Se Dio è, come dice il Concilio Vaticano I, «una singola sostanza spirituale» (Denz.3001), irripetibile, individuale, inconfondibile, discernibile e distinguibile da tutte le altre sostanze spirituali e personali, deve ben avere un’essenza propria e un nome proprio, come appunto dichiara Dio a Mosè (Es 3,14): «Io Sono Colui Che É», ovvero «Io Sono», ossia, secondo la famosa definizione di San Tommaso, l’ipsum Esse per se subsistens. Dio è l’Essere assoluto, infinito, sommo ed eterno. È, come dice il Catechismo di San Pio X, l’Essere perfettissimo.
Così
l’Aquinate descrive la via negativa:
«Quando procediamo verso Dio per via di rimozione, innanzitutto neghiamo di Lui le realtà corporali, e in secondo luogo anche le realtà intellettuali così come si trovano nelle creature, come la bontà e la sapienza; e resta nel nostro intelletto soltanto che Egli è e nulla più; per questo si trova in una certa confusione.

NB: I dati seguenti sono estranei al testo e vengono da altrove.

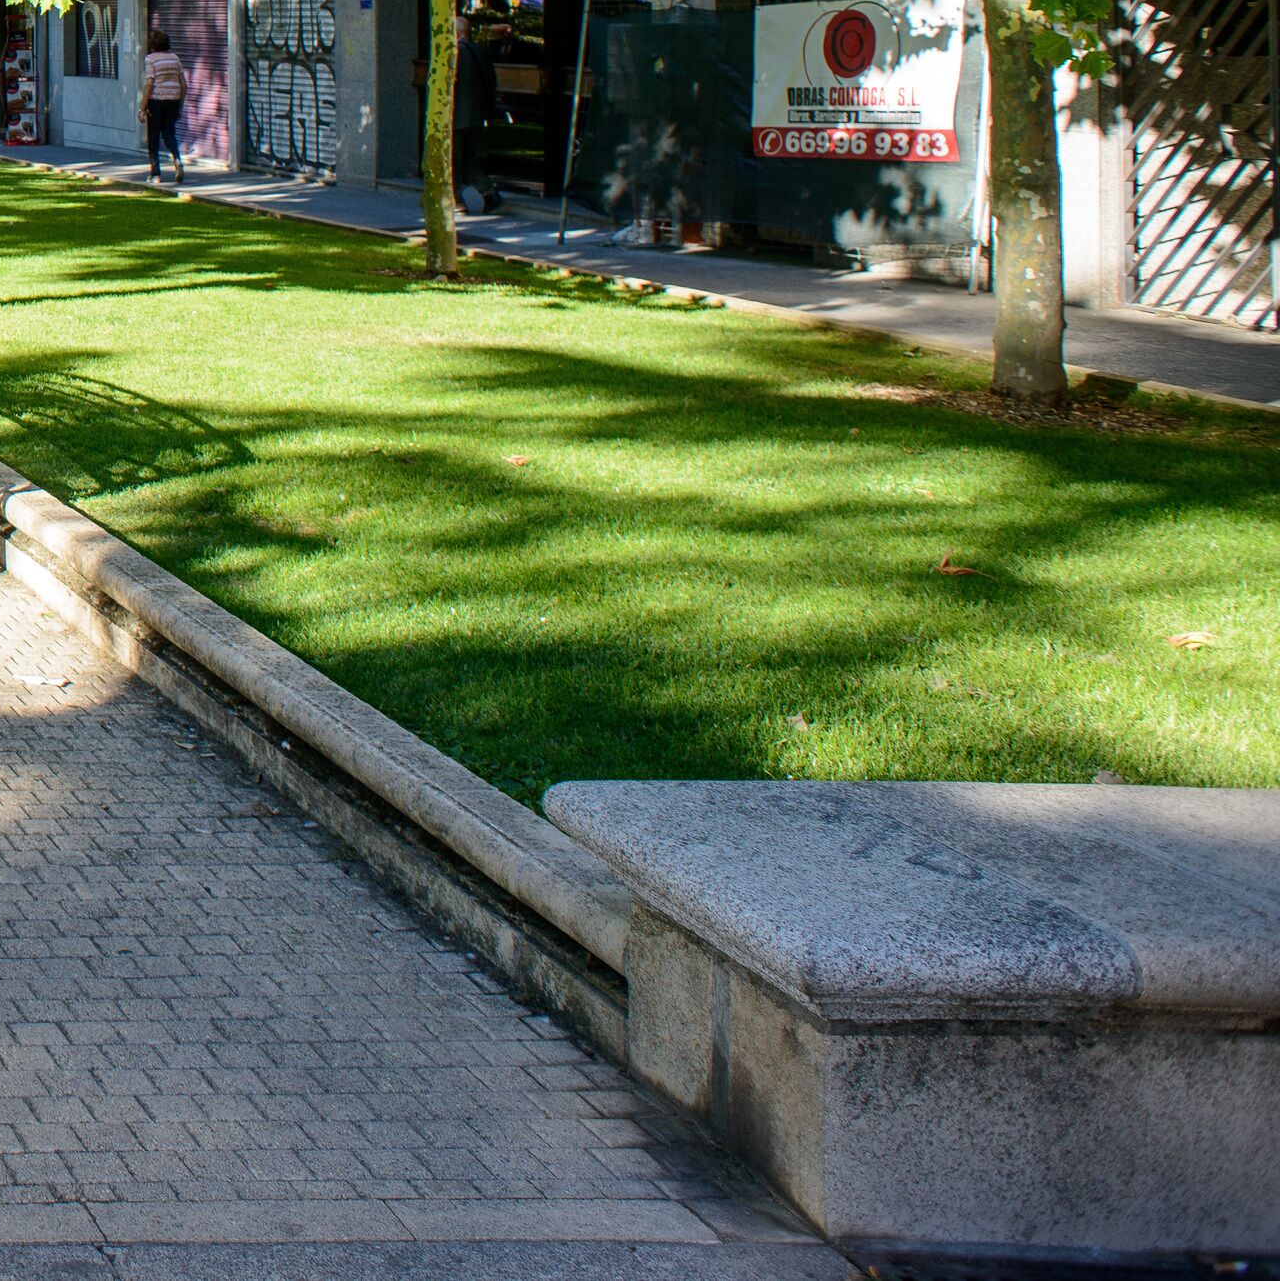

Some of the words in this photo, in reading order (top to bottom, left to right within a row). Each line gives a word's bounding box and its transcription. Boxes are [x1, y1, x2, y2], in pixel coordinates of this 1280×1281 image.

[898, 87, 920, 106] S.L.
[785, 131, 830, 154] 669
[833, 131, 867, 154] 96
[874, 132, 910, 156] 93
[915, 132, 949, 157] 83
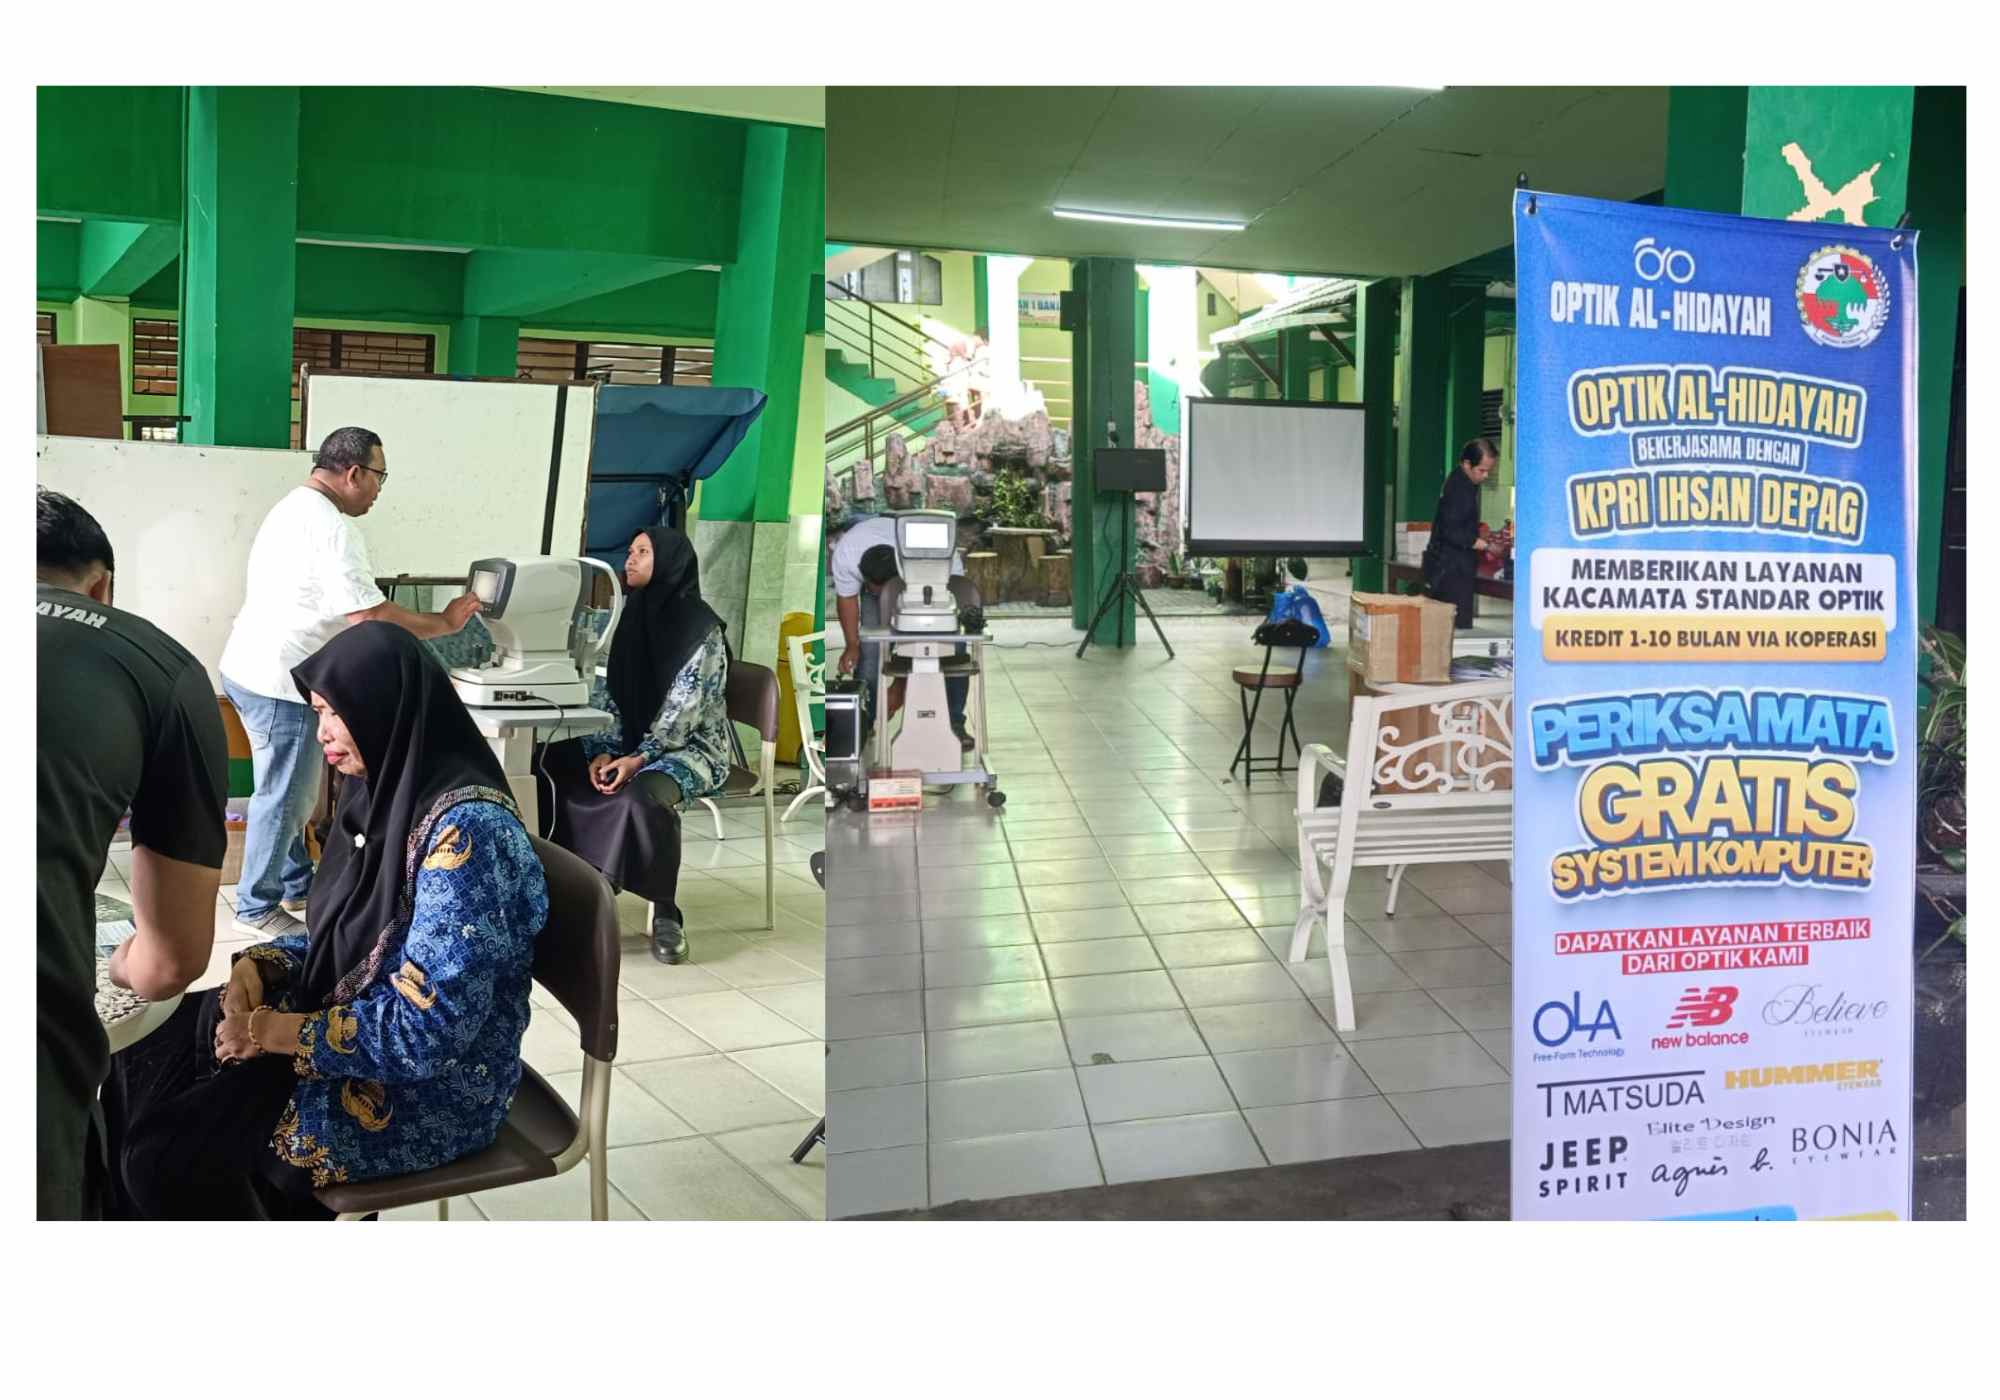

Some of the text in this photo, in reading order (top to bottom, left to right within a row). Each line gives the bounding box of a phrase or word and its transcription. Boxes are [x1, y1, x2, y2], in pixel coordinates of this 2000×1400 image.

[1550, 281, 1772, 338] OPTIK AL-HIDAYAH
[1576, 373, 1858, 438] OPTIK AL-HIDAYAH
[1637, 435, 1801, 467] BEKERJASAMA DENGAN
[1575, 475, 1859, 537] KPRI IHSAN DEPAG
[1571, 558, 1863, 584] MEMBERIKAN LAYANAN
[1542, 586, 1885, 612] KACAMATA STANDAR OPTIK
[1555, 629, 1877, 649] KREDIT 1-10 BULAN VIA KOPERASI
[1532, 693, 1896, 758] PERIKSA MATA
[1580, 757, 1858, 845] GRATIS
[1552, 839, 1873, 893] SYSTEM KOMPUTER
[1556, 919, 1870, 954] DAPATKAN LAYANAN TERBAIK
[1627, 945, 1804, 974] DARI OPTIK KAMI
[1761, 983, 1888, 1026] Believe
[1651, 1030, 1749, 1050] new balance
[1724, 1059, 1879, 1090] HUMMER
[1700, 1115, 1776, 1131] Design
[1792, 1118, 1897, 1152] BONIA
[1539, 1135, 1629, 1171] JEEP
[1539, 1172, 1628, 1198] SPIRIT
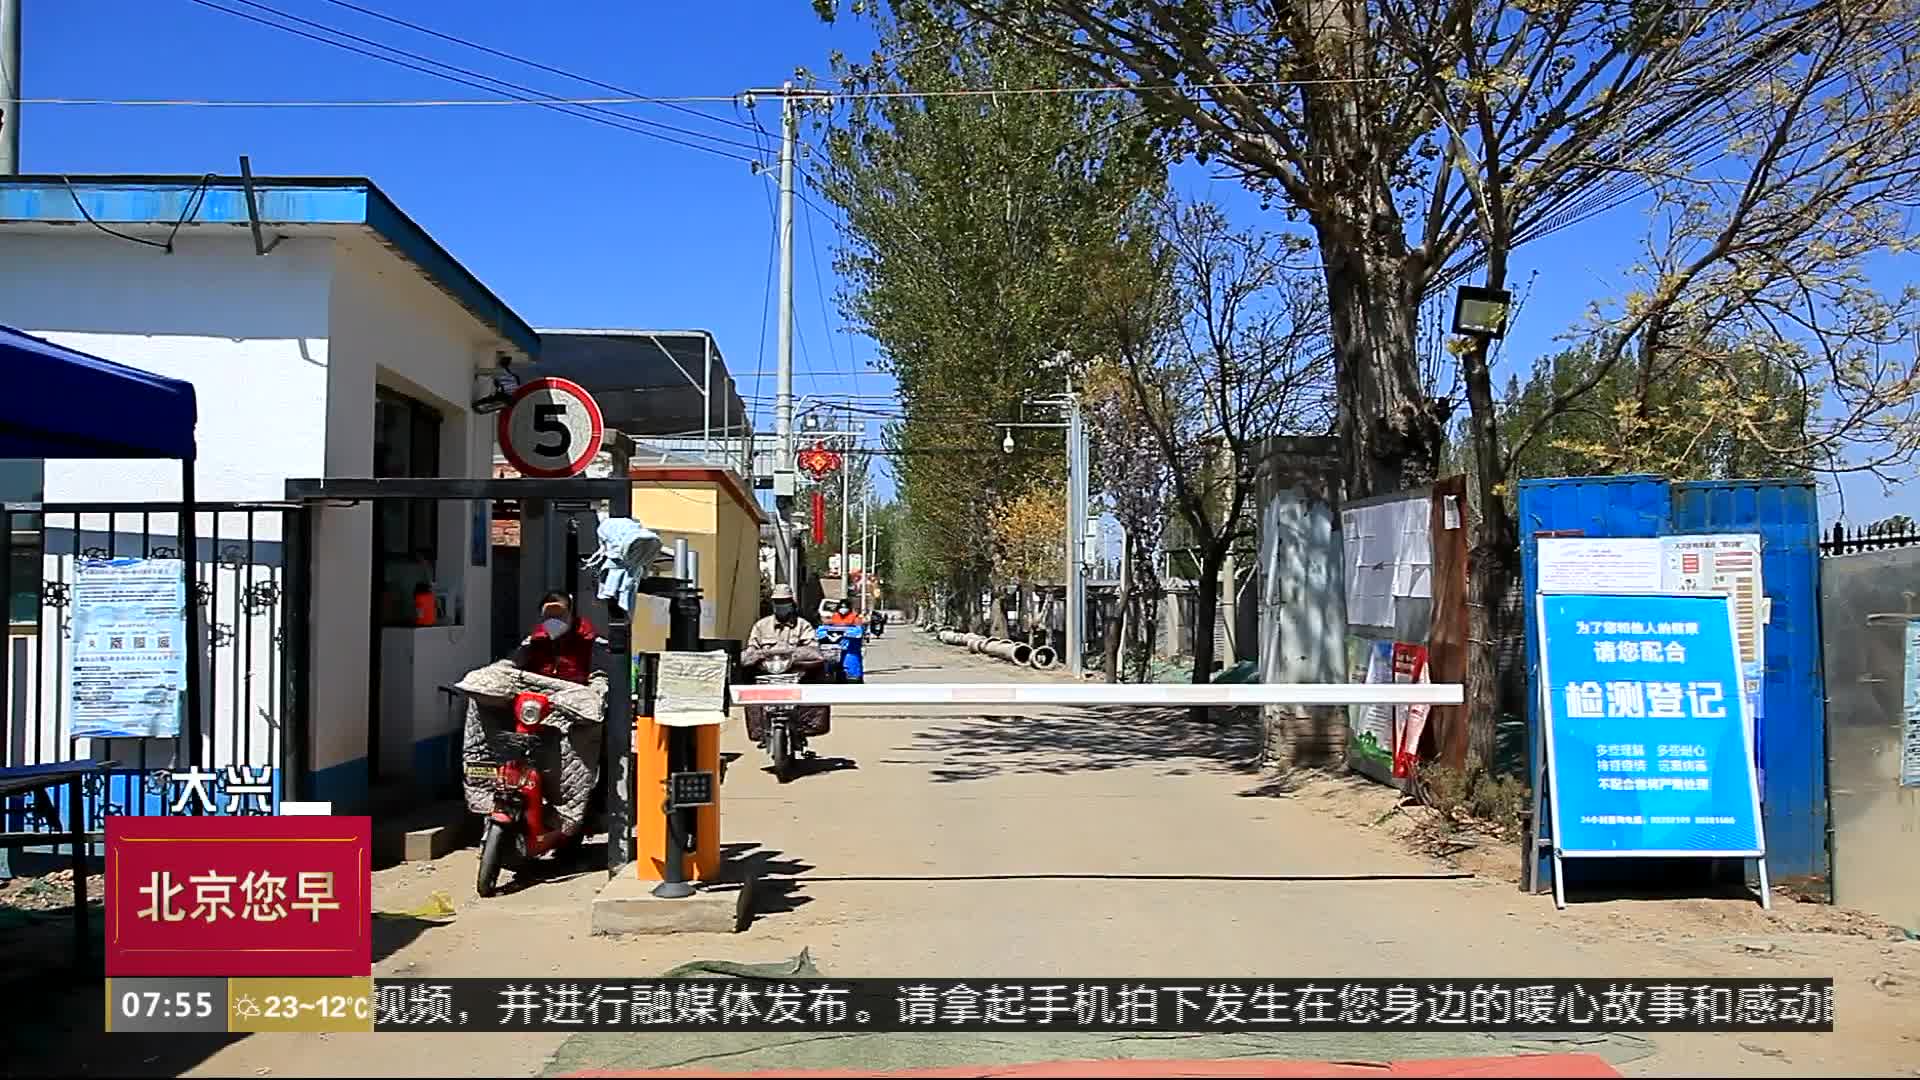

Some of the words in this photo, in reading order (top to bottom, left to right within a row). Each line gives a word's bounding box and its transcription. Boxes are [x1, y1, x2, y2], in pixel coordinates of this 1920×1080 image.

[533, 404, 571, 458] 5
[1593, 640, 1686, 664] 请您配合
[1565, 681, 1727, 718] 检测登记
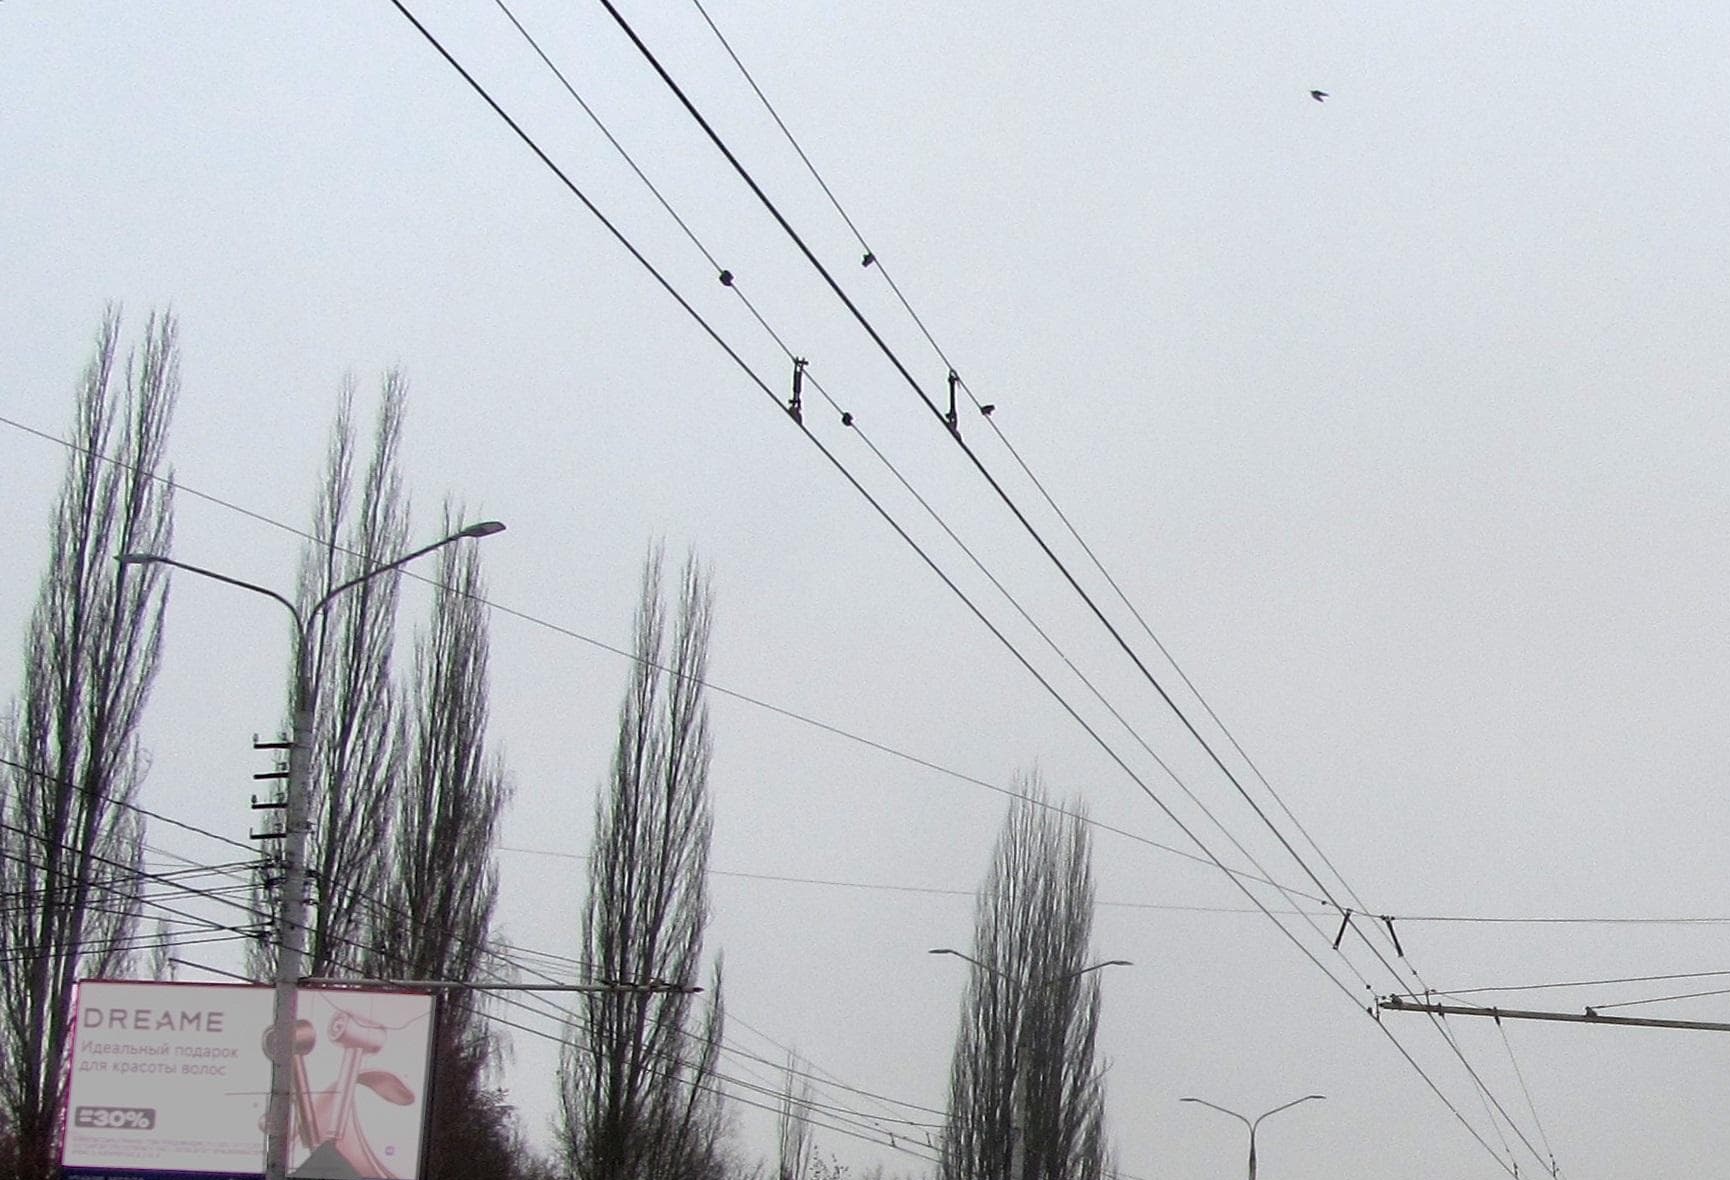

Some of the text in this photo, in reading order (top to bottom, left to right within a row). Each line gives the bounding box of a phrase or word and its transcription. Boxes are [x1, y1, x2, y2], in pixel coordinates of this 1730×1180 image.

Ma alla fine rimuoviamo da Lui anche lo stesso essere, così come si trova nelle creature, e allora l’intelletto rimane in una certa tenebra di ignoranza, secondo la quale ignoranza, per quanto riguarda lo stato presente, ottimamente ci congiungiamo a Dio, come dice Dionigi nel De divinis Nominibus, c.VII: questa è una certa quale caligine, nella quale si dice che Dio abita» (Comm. a I Sent., D.8, q.1, a.1, 4m).
Tommaso non esclude affatto la possibilità di vedere immediatamente e svelatamente questa essenza in paradiso, benché anche lassù essa continuerà a trascendere la finitezza del nostro intelletto.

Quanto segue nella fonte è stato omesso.